Su búsqueda de ese negativo perdido se convierte en una odisea que lo saca de la rutina y lo lanza a lo desconocido, a lugares que ni en sus sueños más locos hubiera pensado visitar.

Un viaje sin igual: La increíble vida de Walter Mitty se revela

La aventura de Walter para encontrar el famoso negativo lo lleva por un mapa que te dejará con la boca abierta. Desde el monótono ambiente de su oficina en la ciudad, de repente se encuentra en los paisajes impresionantes de Islandia, deslizándose por carreteras heladas, o escalando montañas en el majestuoso Himalaya. No busca solo una foto; en cada paso, Walter se topa con experiencias que lo obligan a dejar atrás al “soñador” y convertirse en el “hacedor”. Cada destino es un desafío que lo empuja fuera de su zona de confort, enfrentándose a la naturaleza y a personajes de lo más peculiares que lo van guiando de forma inesperada.

Esta travesía es la que nos hace reflexionar sobre varios puntos importantes:

  • Romper el cascarón: La historia de Walter nos demuestra que a veces, lo que más necesitamos es un buen empujón (o la desaparición de un negativo vital) para atrevernos a salir de nuestra zona de confort y descubrir lo que hay más allá de nuestra rutina diaria.
  • El poder de la imaginación: Las fantasías de Walter, que antes eran solo un escape, se transforman en el motor que lo impulsa a tomar riesgos reales. Nos enseña que soñar en grande no es una pérdida de tiempo si te inspira a actuar y a buscar tu propia aventura.
  • Conexiones inesperadas: A lo largo de su periplo, Walter se encuentra con gente de lo más variopinta que, a su manera, le dan una mano, le comparten una historia o simplemente le hacen compañía. Estos encuentros le recuerdan que la vida se disfruta más cuando la compartes.

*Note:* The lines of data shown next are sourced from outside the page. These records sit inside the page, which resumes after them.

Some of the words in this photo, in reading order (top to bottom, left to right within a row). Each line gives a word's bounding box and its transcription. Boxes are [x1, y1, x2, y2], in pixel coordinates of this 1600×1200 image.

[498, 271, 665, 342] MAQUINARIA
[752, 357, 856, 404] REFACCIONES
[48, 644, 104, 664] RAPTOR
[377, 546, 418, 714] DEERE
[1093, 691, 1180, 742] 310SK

El encanto visual y el mensaje que se queda

Ben Stiller, quien no solo dirige sino que también personifica a Walter, logra un balance padrísimo entre el humor sutil, el drama de un hombre que se busca a sí mismo y un despliegue visual que es una verdadera postal. La fotografía es una chulada; cada paisaje, cada rincón del planeta que Walter pisa, está filmado con un cariño que te hace querer agarrar la mochila y salir corriendo a conocerlo. La música, ni se diga, es una pieza clave que acompaña cada momento de adrenalina, cada risa y cada instante de introspección, haciéndote sentir que eres parte de esa expedición.

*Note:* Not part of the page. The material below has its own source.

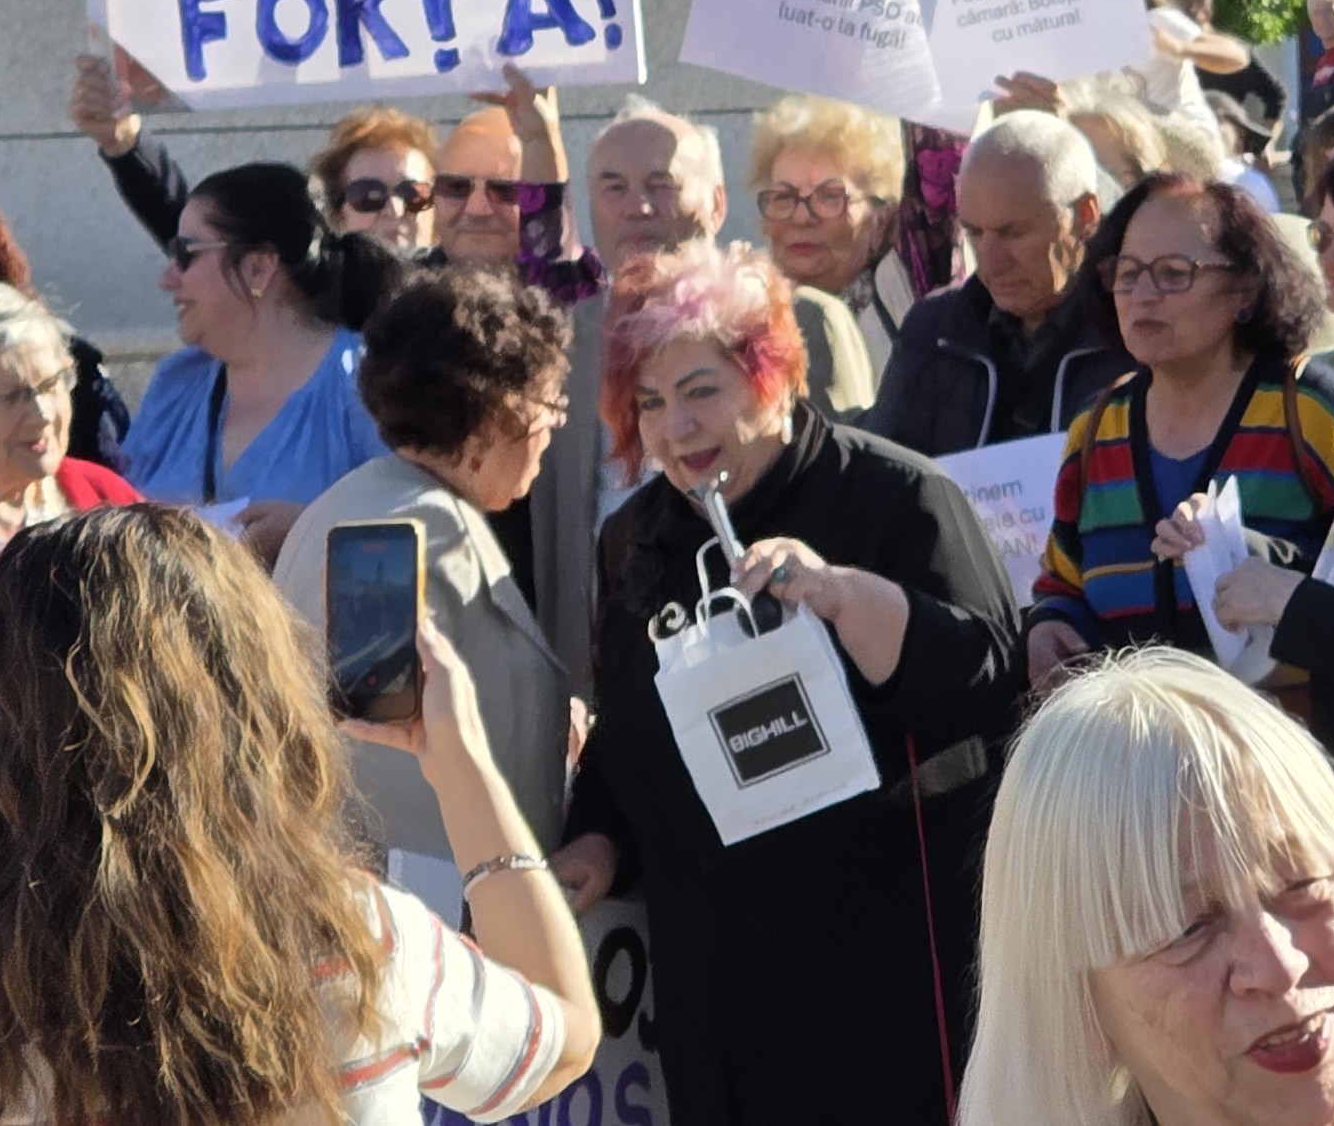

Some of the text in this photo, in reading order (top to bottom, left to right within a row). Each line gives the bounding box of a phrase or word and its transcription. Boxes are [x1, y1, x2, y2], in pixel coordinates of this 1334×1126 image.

[778, 0, 907, 50] luat-o la fugă!
[991, 27, 1014, 43] cu
[1019, 506, 1045, 524] cu
[728, 710, 808, 754] BIGHILL

En el fondo, la película La increíble vida de Walter Mitty es un recordatorio de que la vida está ahí, esperando a que la vivamos, no solo a que la imaginemos. Nos invita a que le echemos ganas, a que no dejemos pasar las oportunidades por miedo a lo desconocido o por la comodidad de la rutina. Es un abrazo para el alma aventurera que todos llevamos dentro, un empujón para que ese “negativo 25” de tu propia vida, ese que contiene la esencia de quién eres y lo que quieres, no se quede guardado en un cajón. Es una experiencia que te deja pensando: ¿Y si me aviento yo también?